■ Phrase grounding data:
[Start of section]
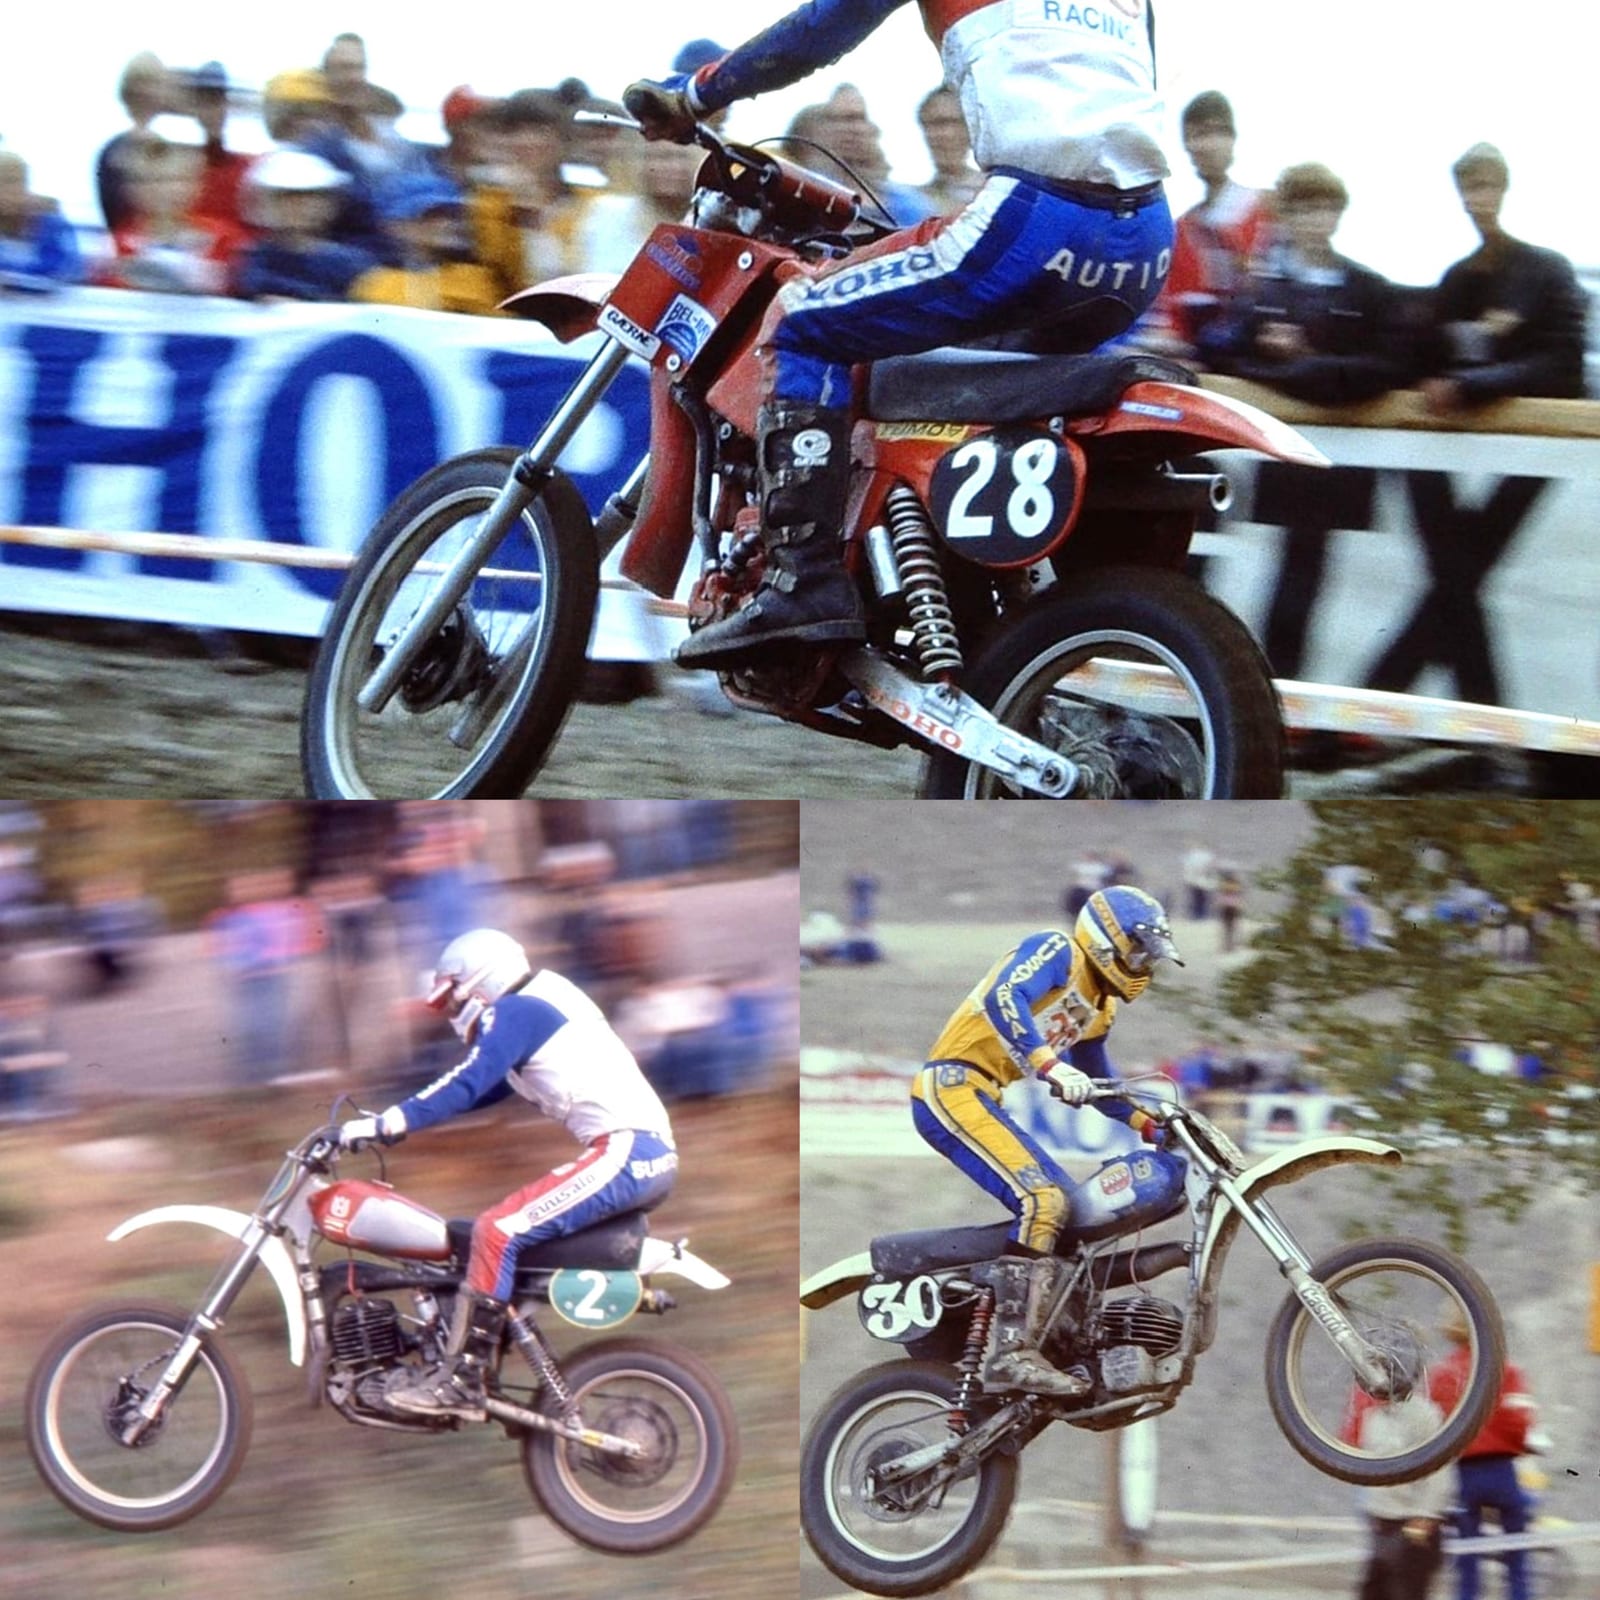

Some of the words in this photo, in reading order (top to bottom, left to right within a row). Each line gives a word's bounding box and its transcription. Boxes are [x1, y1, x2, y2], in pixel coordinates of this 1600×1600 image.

[1043, 0, 1136, 47] RACIN
[946, 437, 1058, 538] 28
[574, 1269, 607, 1320] 2
[862, 1275, 944, 1338] 30
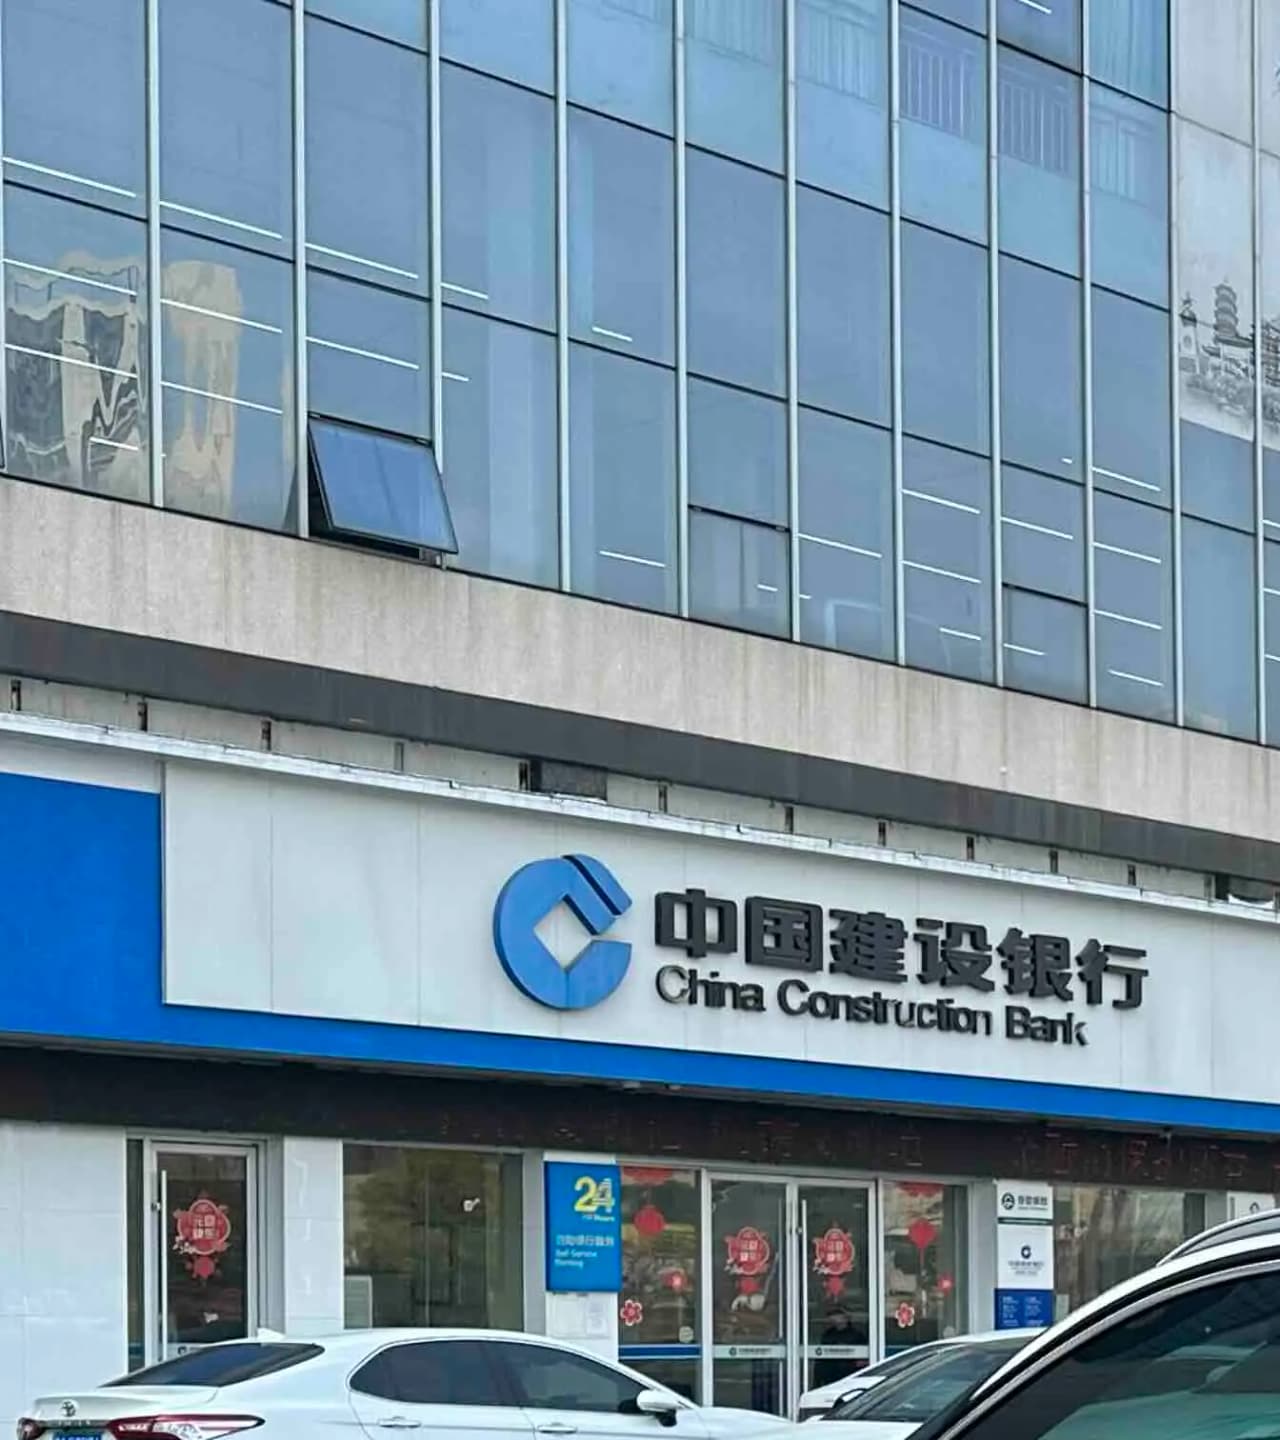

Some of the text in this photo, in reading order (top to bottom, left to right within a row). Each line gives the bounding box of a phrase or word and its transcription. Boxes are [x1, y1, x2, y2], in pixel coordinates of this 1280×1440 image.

[654, 887, 1149, 1010] 中国建设银行
[655, 964, 1090, 1047] China Construction Bank
[573, 1175, 616, 1213] 24
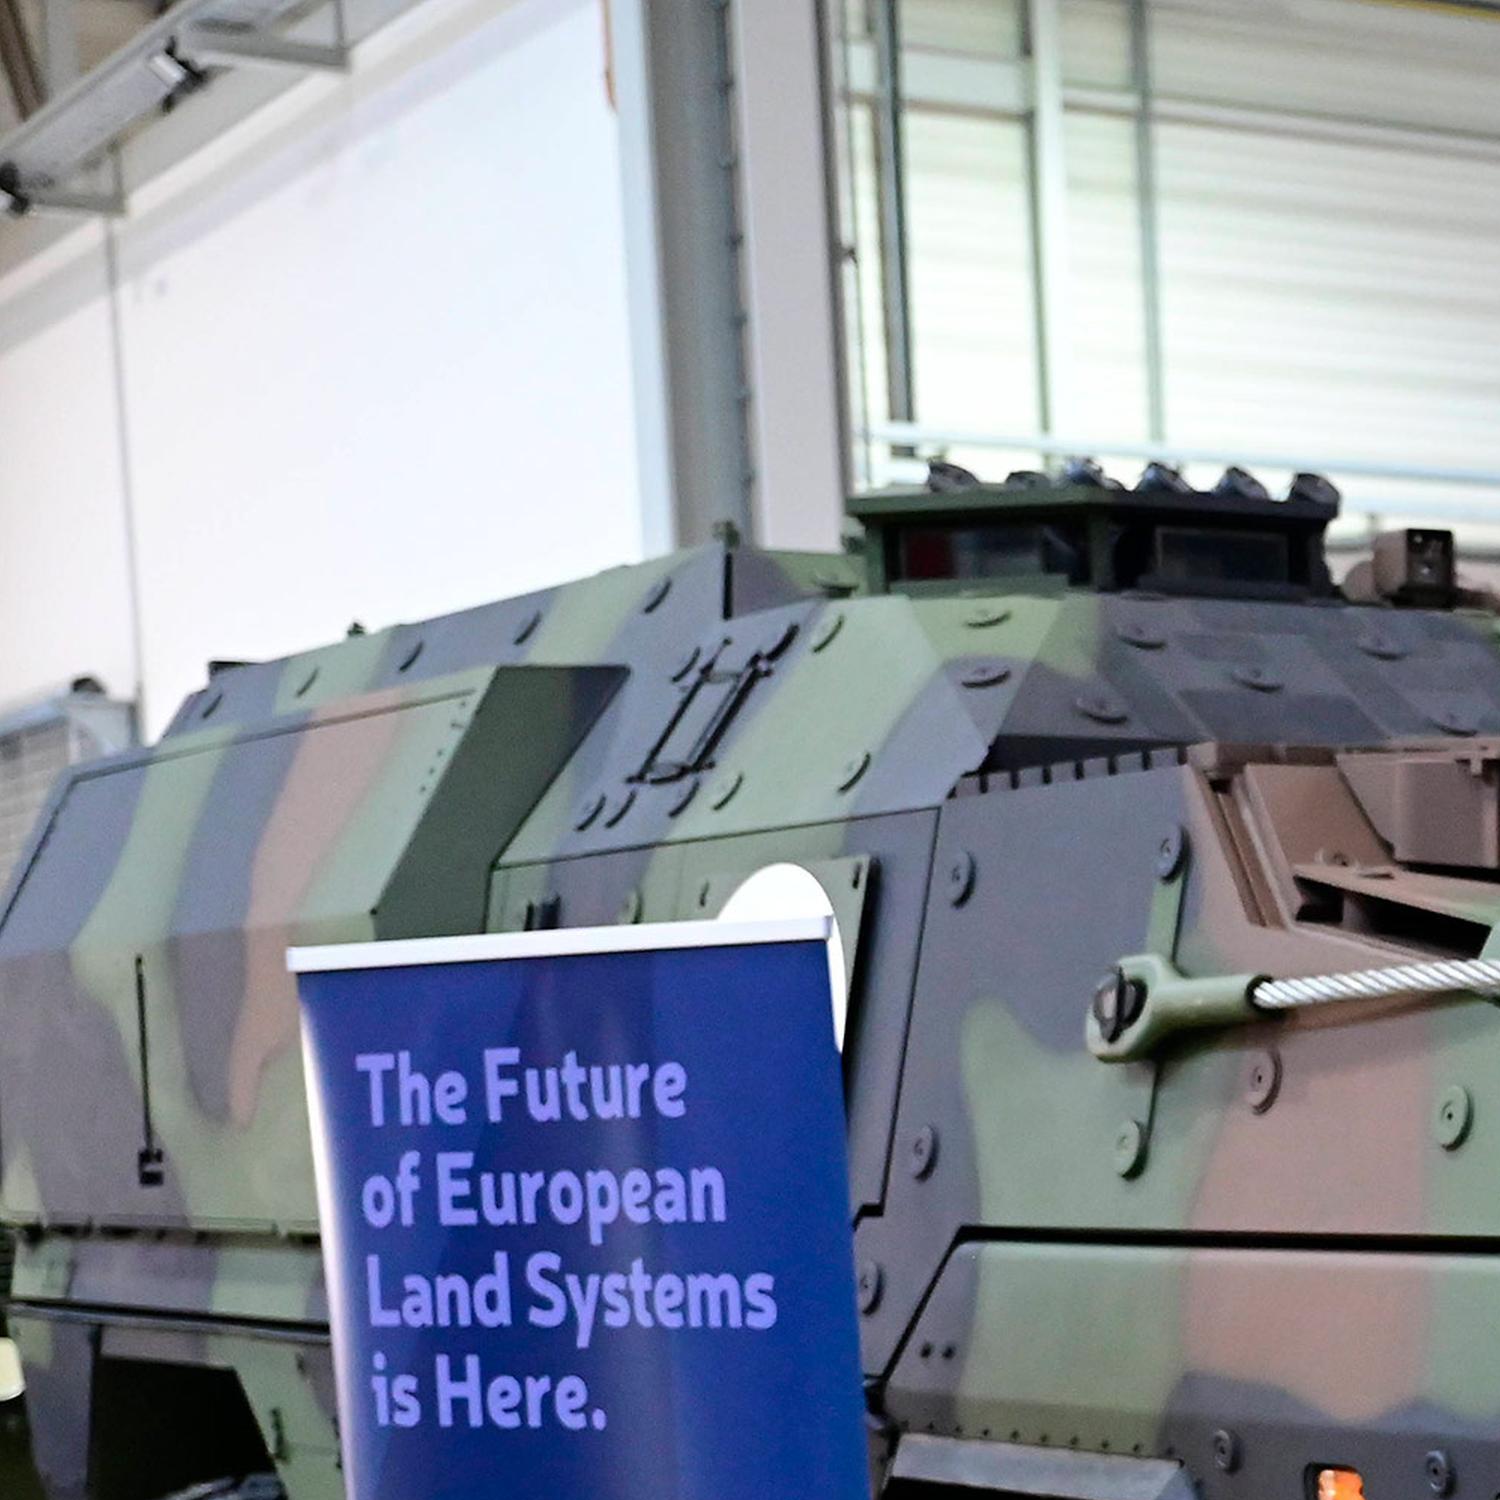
[End of section]
With the pictures left aside, write out all of the records above exactly.

■ Your response:
Some of the words in this photo, in reading order (top to bottom, left to right within a row). Each line gives a word's bounding box and its transcription. Boxes are [x1, y1, x2, y2], in pixel coordinates of this 1600×1600 image.

[1043, 0, 1136, 47] RACIN
[946, 437, 1058, 538] 28
[574, 1269, 607, 1320] 2
[862, 1275, 944, 1338] 30

Some of the text in this photo, in reading order (top to bottom, left to right within a row). Each line gives the bounding box of a phrase or word and its transcription. Boxes are [x1, y1, x2, y2], in pixel coordinates of this 1280×1440 image.

[654, 887, 1149, 1010] 中国建设银行
[655, 964, 1090, 1047] China Construction Bank
[573, 1175, 616, 1213] 24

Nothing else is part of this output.